The Dictatorship of Augusto Salazar (Third Republic)

The new government installed dictatorship in a series of measures in quick succession. On April 1, 1931 two terrorist attacks were orchestrated by the FSMT, one being a fire in the Palace of St. Catherine while King Alejandro I was there and the other being a fake assassination attempt on Salazar. This was followed immediately with a royal decree, which rescinded Habeas corpus, and other protective laws. The next elections on March 5, 1932, yielded 51.9% of the vote for the FSMT giving them a clear majority. The National Congress drove the final nails in the monarchy’s coffin by passing the National Emergency Act on June 23, 1932, which formally gave Salazar and his advisors the power to govern by decree and in effect disbanded the remainders of the Constitution of 1919 altogether. By the time Salazar had effectively taken over the government, King Alejandro I had died of unspecified causes. It is widely believed that Salazar's agents had poisoned him.

The institution of the Direccion de Inteligencia Nacional, police to act outside of any civil authority, highlighted Salazar’s intention to hold powerful means of directly controlling San Martino society. Soon, mirroring Stalin's terror in the Soviet Union, an estimated army of about 300,000 spies and infiltrants operated throughout San Martin, reporting to Salazar the activities of any critics or dissenters. Most ordinary San Martinos, happy with the improving economy and better standard of living remained obedient and quiet, but many political opponents, especially communists and socialists, were reported by omnipresent eavesdropping spies, and put in prison camps where they were severely mistreated, and many tortured and killed. Estimates of political victims range in dozens of thousands dead and disappeared in the first few years of Salazar’s rule.

Following his ascension to power, Salazar formally banned the leftist parties that had constituted the Rally for the Republic coalition. He also expressed contempt for the PDC’s call for a quick return to civilian democracy. However, he did not ban the party.

Salazar's rule was characterized by systematic suppression of all leftist opposition. The worst violence occurred in the first days of the coup's aftermath, with the number of suspected leftists killed or "disappeared" soon reaching into the thousands.

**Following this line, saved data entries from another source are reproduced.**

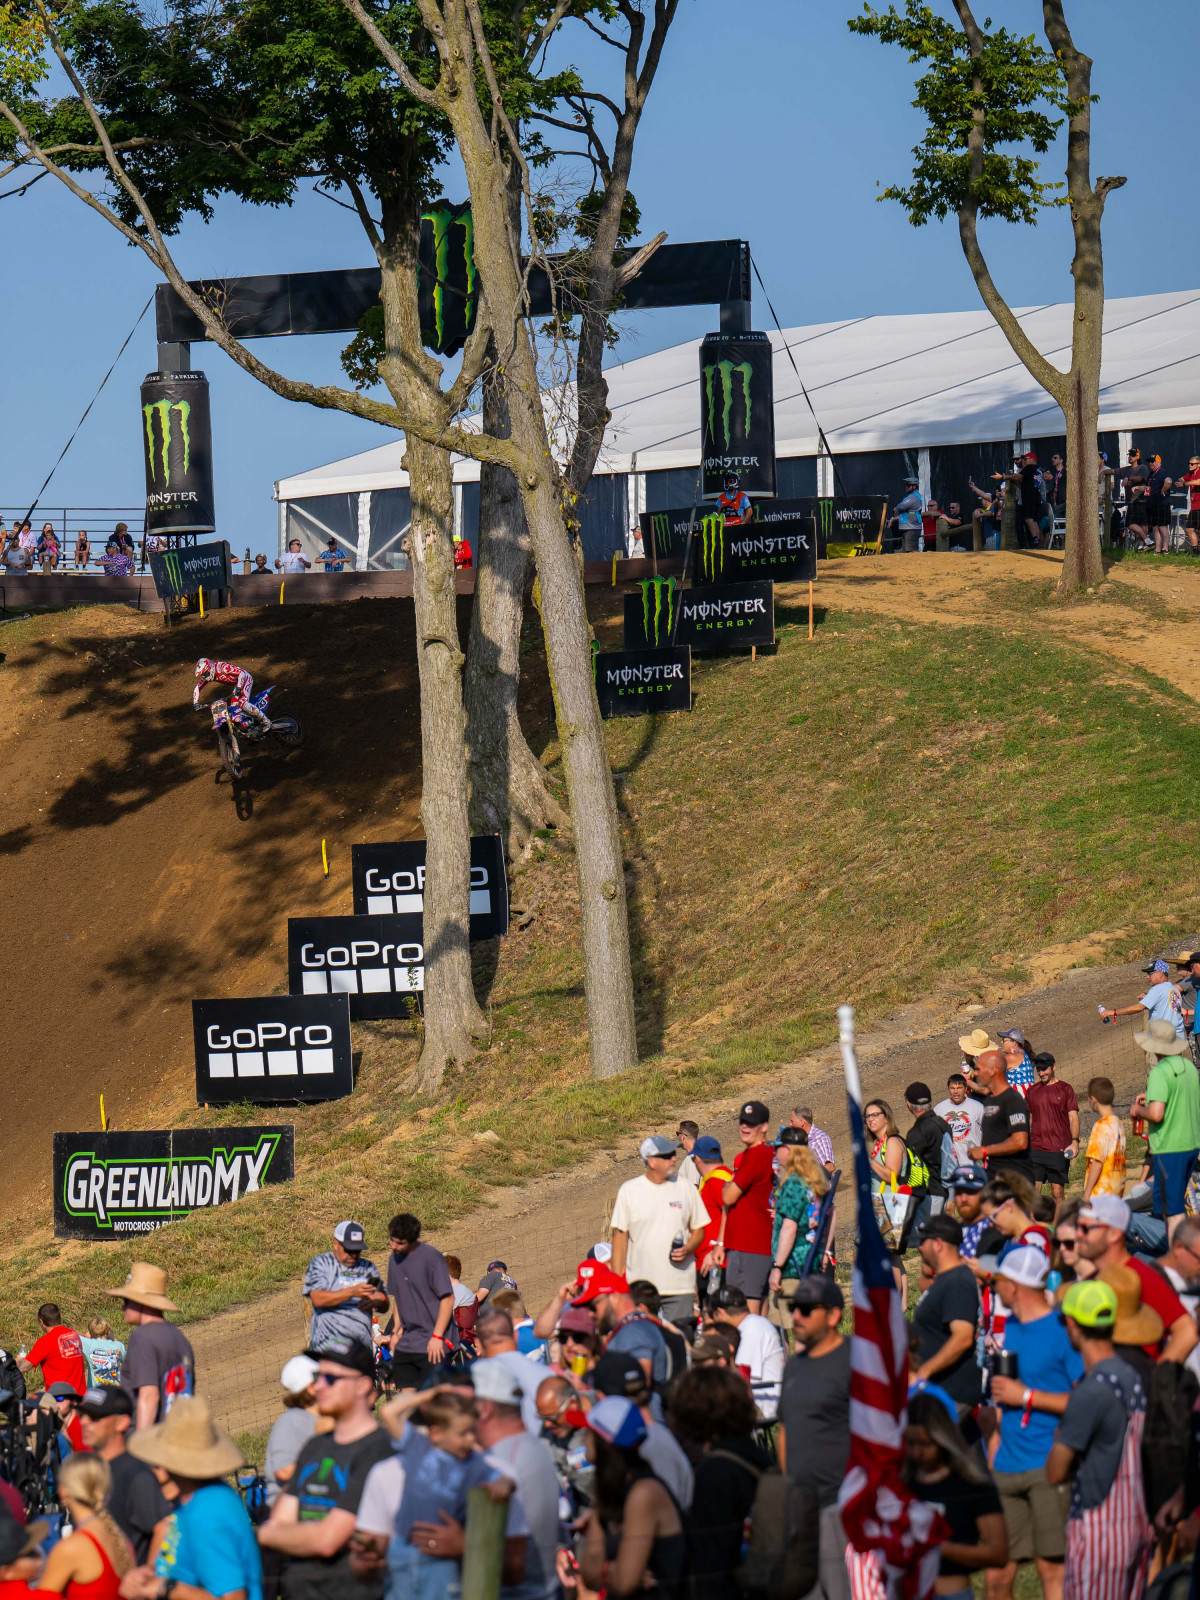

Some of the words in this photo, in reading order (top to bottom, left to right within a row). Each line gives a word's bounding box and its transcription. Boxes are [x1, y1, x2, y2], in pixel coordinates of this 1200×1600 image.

[702, 456, 760, 469] MONSTER
[149, 503, 189, 511] ENERGY
[835, 507, 872, 521] MONSTER
[731, 535, 810, 557] MONSTER
[184, 555, 222, 572] MONSTER
[741, 554, 797, 567] ENERGY
[683, 598, 766, 621] MONSTER
[696, 618, 755, 631] ENERGY
[606, 663, 684, 686] MONSTER
[618, 683, 673, 696] ENERGY
[300, 940, 424, 967] GoPro
[207, 1022, 333, 1049] GoPro
[113, 1221, 155, 1231] MOTOCROSS

The San Martino economy was still faltering in the months after Salazar took control. Because Salazar himself was not particularly skilled in remedying the persistent economic difficulties, he appointed a group of economists to assist him in that. Given financial and ideological support from Salazar, San Martin, and international financial institutions, they advocated laissez-faire, free-market, neoliberal, and fiscally conservative policies, in stark contrast to the extensive nationalization and centrally-planned economic programs supported by Aragon. Under their guidance, a new economic policy to elevate the nation was drafted, limiting imports of consumer goods and focusing on producing exports. Massive loans and credits were issued by the National Bank to industries and the individuals. Another part of the new San Martino economy was massive rearmament with the goal being to expand the 100,000-strong San Martino Army into a larger force, mostly to keep the rebellious colonies down, which were showing outright opposition to the FSMT’s rule. Salazar’s policies led to substantial GDP growth, in contrast to the negative growth seen in the final years of the Aragon administration. GDP growth remained steady, and San Martin began a process of integration into the international economy.

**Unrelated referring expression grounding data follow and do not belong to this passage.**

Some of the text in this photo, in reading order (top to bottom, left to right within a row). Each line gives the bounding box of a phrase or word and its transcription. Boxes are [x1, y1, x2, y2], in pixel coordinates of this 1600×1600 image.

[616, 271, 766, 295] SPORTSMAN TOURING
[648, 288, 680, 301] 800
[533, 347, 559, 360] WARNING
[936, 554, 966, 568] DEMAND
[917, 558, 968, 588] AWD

The Fourth Republic of San Martin

Following the end of World War II, the US began implementing economic sanctions against San Martin to encourage Salazar’s resignation, his overthrow, or his defeat in the upcoming elections. In July of 1946, Salazar suffered a minor stroke. He wasn’t very affected by it, but the stroke was overhyped by the press. Believing that Salazar was now incapable of ruling the country, a PDC-led coup overthrew Salazar in a matter of days with no major bloodshed. This coup was financially and diplomatically supported by the US, Britain and France, and supported by almost the entire population of San Martin, who wished a return to democracy. The PDC installed an Interim Government led by Rafael Hernandez Allende as President and Manuel Veracruz as Vice-President.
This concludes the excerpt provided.